- Developer(s): Black Jacket Studios
- Publisher(s): Black Jacket Studios
- Engine: Torque Game Engine Advanced
- Platform(s): Microsoft Windows
- Release: NA: October 22, 2009;
- Genre(s): vehicular combat
- Mode(s): Single-player, multiplayer

= Metal Drift =

Metal Drift is a vehicular combat game for Microsoft Windows developed and published by Black Jacket Studios. It features an arcade racing style that incorporates elements of a first person shooter. It is set in a fictional world in an alternate future.

== Gameplay ==
Metal Drifts gameplay is focused on online multiplayer. Players compete with up to 11 others in 6vs6 battles. There is one "Capture the Flag" type mode where players fight for possession of a ball which is used to score at the opponents goal. The game focuses heavily on team play, awarding points for kill assists and helping a teammate score a goal. Points are also given for kills and goals, as well as multipliers for kill streaks. During games with less than 12 human players "bots" controlled by the server will fill any remaining slots.
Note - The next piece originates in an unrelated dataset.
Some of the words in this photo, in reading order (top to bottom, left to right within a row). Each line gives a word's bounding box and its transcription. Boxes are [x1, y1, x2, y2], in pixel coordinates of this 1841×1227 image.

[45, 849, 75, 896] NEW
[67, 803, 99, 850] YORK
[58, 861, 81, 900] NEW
Metal Drift features a level system to unlock new weapons and upgrades. Players start at level 0 and can progress up to level 40, with unlocks every 3 level ups. New tank skins are also unlocked as the player levels up, with a new skin at level 20 and also level 40. All CPU controlled "bots" use the default level 0 skin, and Community Leaders are granted black "VIP" skins.

While being multiplayer based, Metal Drift also has a single player version against CPU controlled opponents. Singleplayer behaves exactly like multiplayer, with some extra options on game setup. The player can choose the level of difficulty as well as the number of opponents to play against. All the maps in the game are available from the start, giving new players the ability to practice on any of the different Drift Decks. Beyond singleplayer there is also support for multiplayer LAN games, allowing up to 12 people to play the game together on a private network.

== Early Development ==
Beta access for Metal Drift started in late 2008 with the game being distributed over email to a small group of beta testers. Starting in early 2009 people interested in the game could apply for a copy on the official forums. Testing sessions were held with the developers to find bugs and flaws in the game, as well as get opinions on new or existing features. Before being officially released on Steam, there was a public beta allowing anyone who pre-purchased the game at a discounted rate to get early access.

== Continued Development ==
Metal Drift was still actively developed 2 years after its official release. A re-release was announced on February 16, 2011. This update fixed many critical bugs and added new tank skins to the game that could be unlocked at certain player levels. New official multiplayer servers were added to allow better gameplay to regions in Europe. Since then several updates have been released, revamping the Heads Up Display and fixing bugs.

As of December 2011 a new map called Javelin is being developed for release sometime in 2012. It will be the first map featuring the Waste texture set, opposed to the Metro textures used by previous maps. Javelin will include several new features unseen on other maps such as boost pads and walls that allow players to shoot through them.

Metal Drift has not received any news or updates since a time after the release of the Javelin map, and development seems to have come to a complete halt.

== Distribution ==
Metal Drift was available only on the Steam platform when first released on October 22, 2009. In early 2011 availability spread to other online digital distribution platforms such as Direct2Drive and Desura. There are currently no physical copies of the game, with availability exclusive to digital distribution methods.

== Reception ==
Metal Drift received generally favorable reviews, however some critics found flaws with some aspects of gameplay. Out of 8 called the leveling system an artificial handicap that is "A strategic disadvantage right from the beginning." However, ItReviews found the tactical teamwork and varying combinations of tank setups "Immensely fun to play" Dan Fedler from Gamasutra praised the use of scenes in the game, saying Metal Drift was "One of the most exciting and dynamic games I’ve come across in months."